Tienen razón los que creen que las obras literarias viven y se agrupan al azar de la libertad de la "obra en sí", como nos recuerdan los teólogos de la filología. También tienen razón los laicos que las contemplamos organizadas por la trama civil de la historia. Que en esta pugna latente existan las llamadas "literaturas nacionales" es una posibilidad que conviene tener en cuenta, por lo menos.

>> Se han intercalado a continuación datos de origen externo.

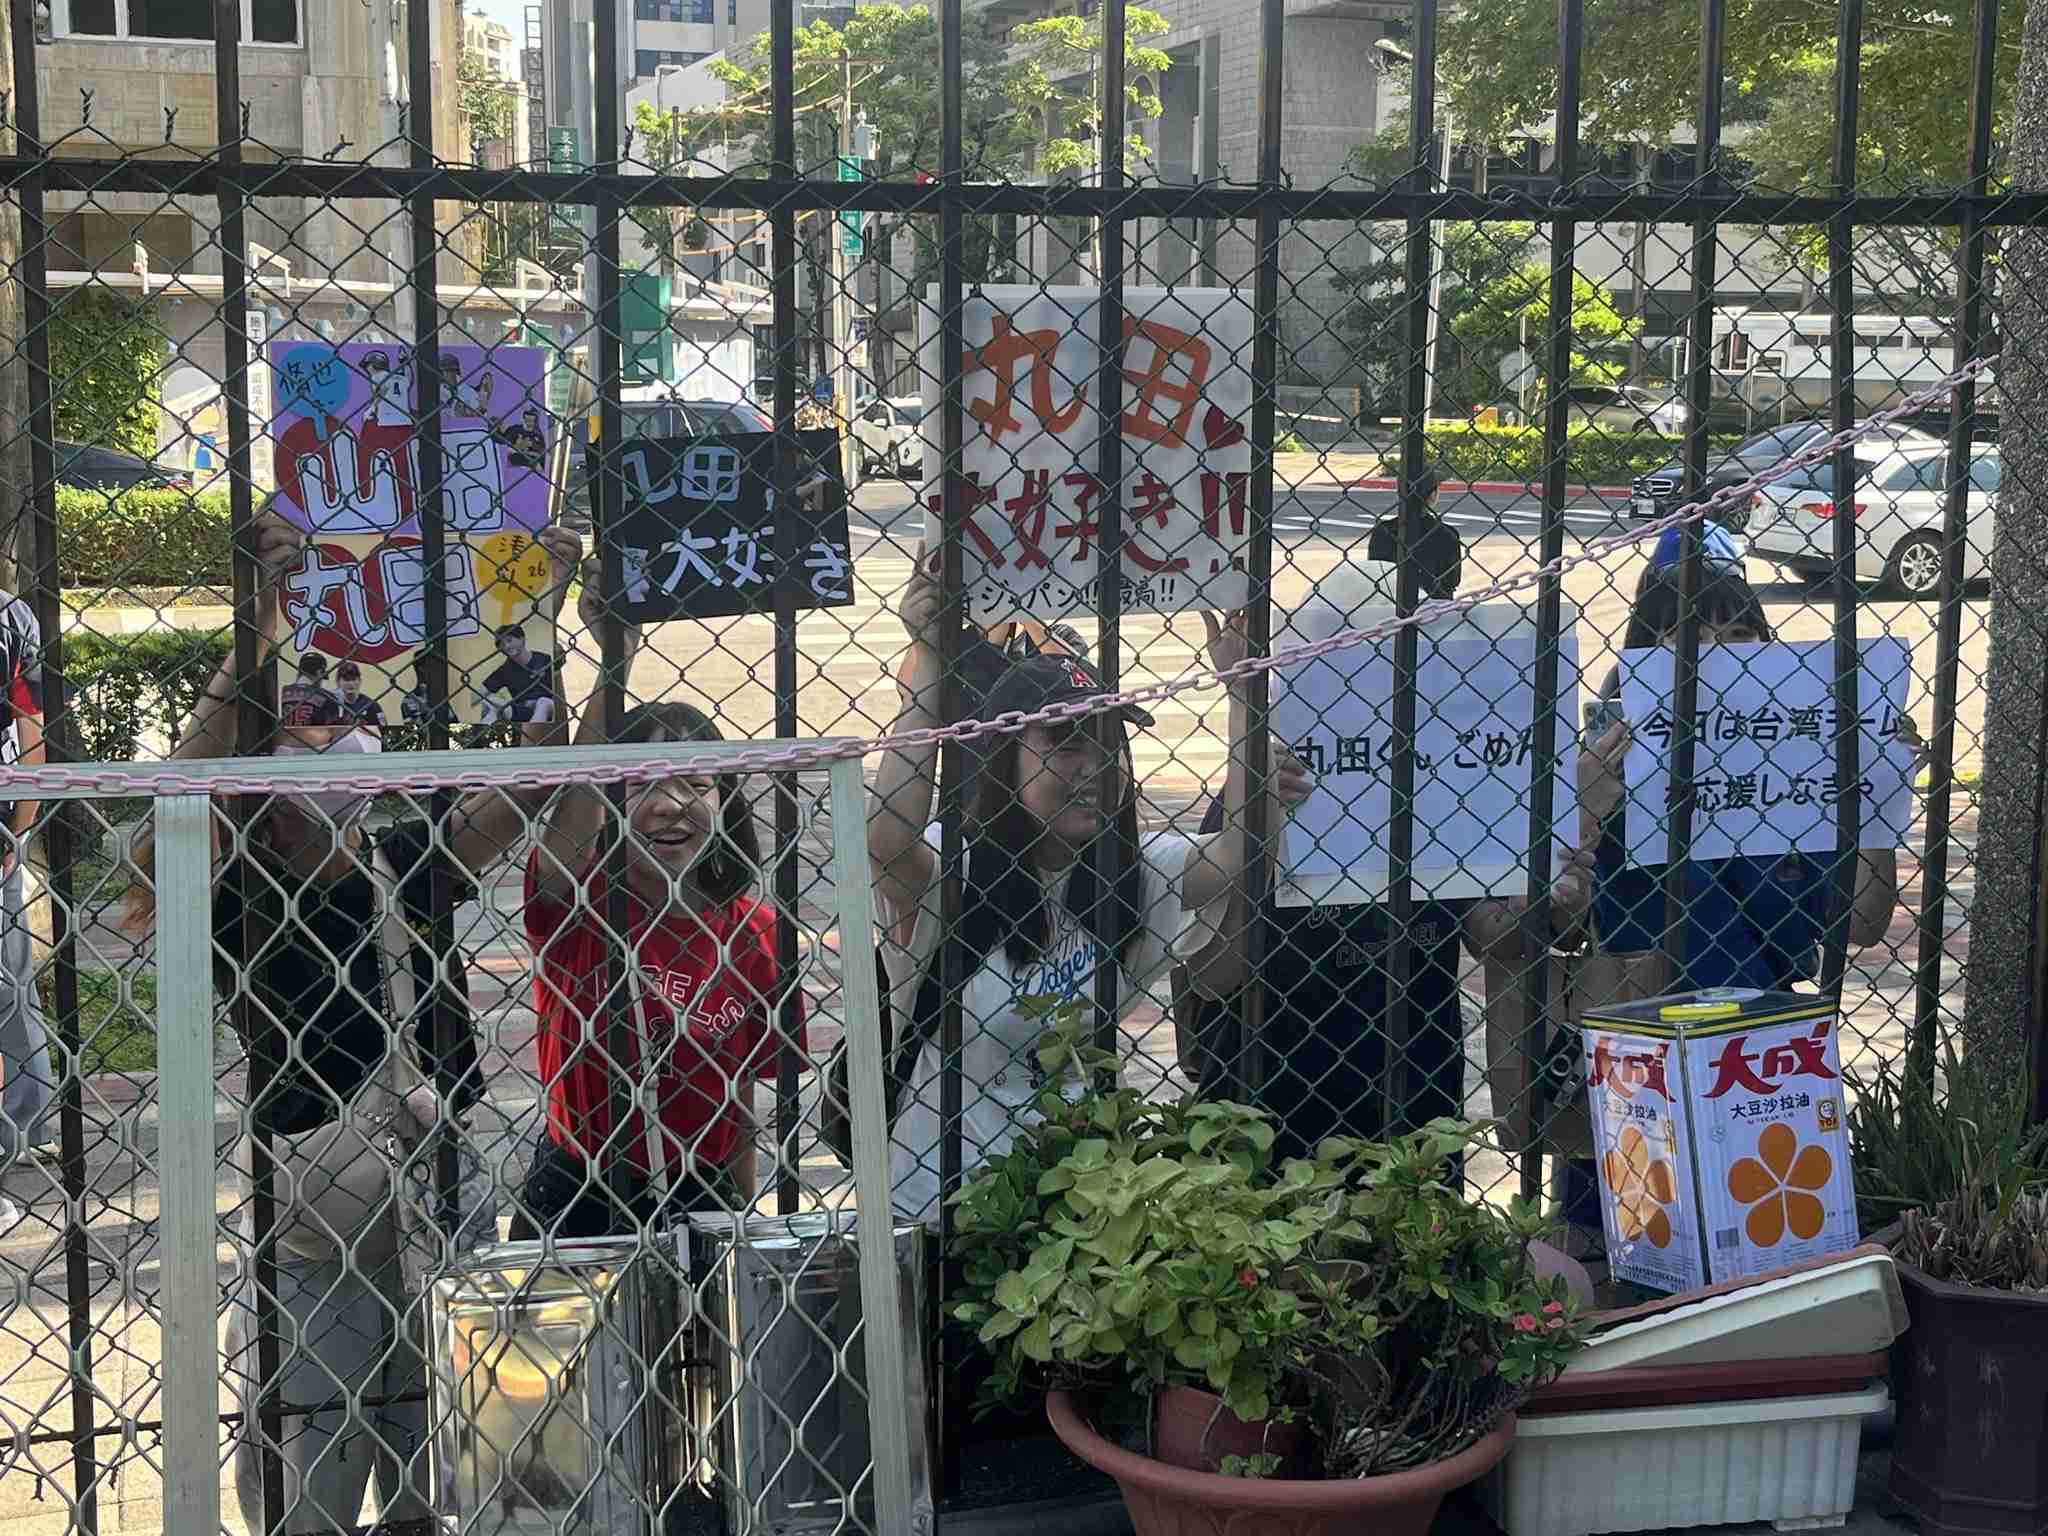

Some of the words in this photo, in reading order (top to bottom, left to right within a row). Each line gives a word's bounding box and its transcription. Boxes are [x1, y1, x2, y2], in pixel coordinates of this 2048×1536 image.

Añadiré que, en España, tal cosa ha estado más vinculada a las ideologías liberales que a las conservadoras, al revés de lo que se suele pensar. El gran Menéndez Pelayo, afín a los neocatólicos, fue mucho menos nacionalista a este propósito que el liberal Ramón Menéndez Pidal, el más fértil creador de nuestro nacionalismo literario. La configuración de las letras españolas como una emoción estético-patriótica lo debe casi todo a los libros que escribió Azorín después de 1912 y a ella pertenece la noción misma de "generación del 98", que es nacionalismo es estado puro (el Azorín de entonces era un "reaccionario por asco de la greña jacobina", según dijo Machado: un intelectual que negociaba su reingreso en la nómina de los liberales). Pero el concepto de "literatura nacional" tenía ya entre nosotros una larga trayectoria que incluía los nombres de ilustrados y románticos: Cadalso, Capmany, Quintana y Larra, por ejemplo.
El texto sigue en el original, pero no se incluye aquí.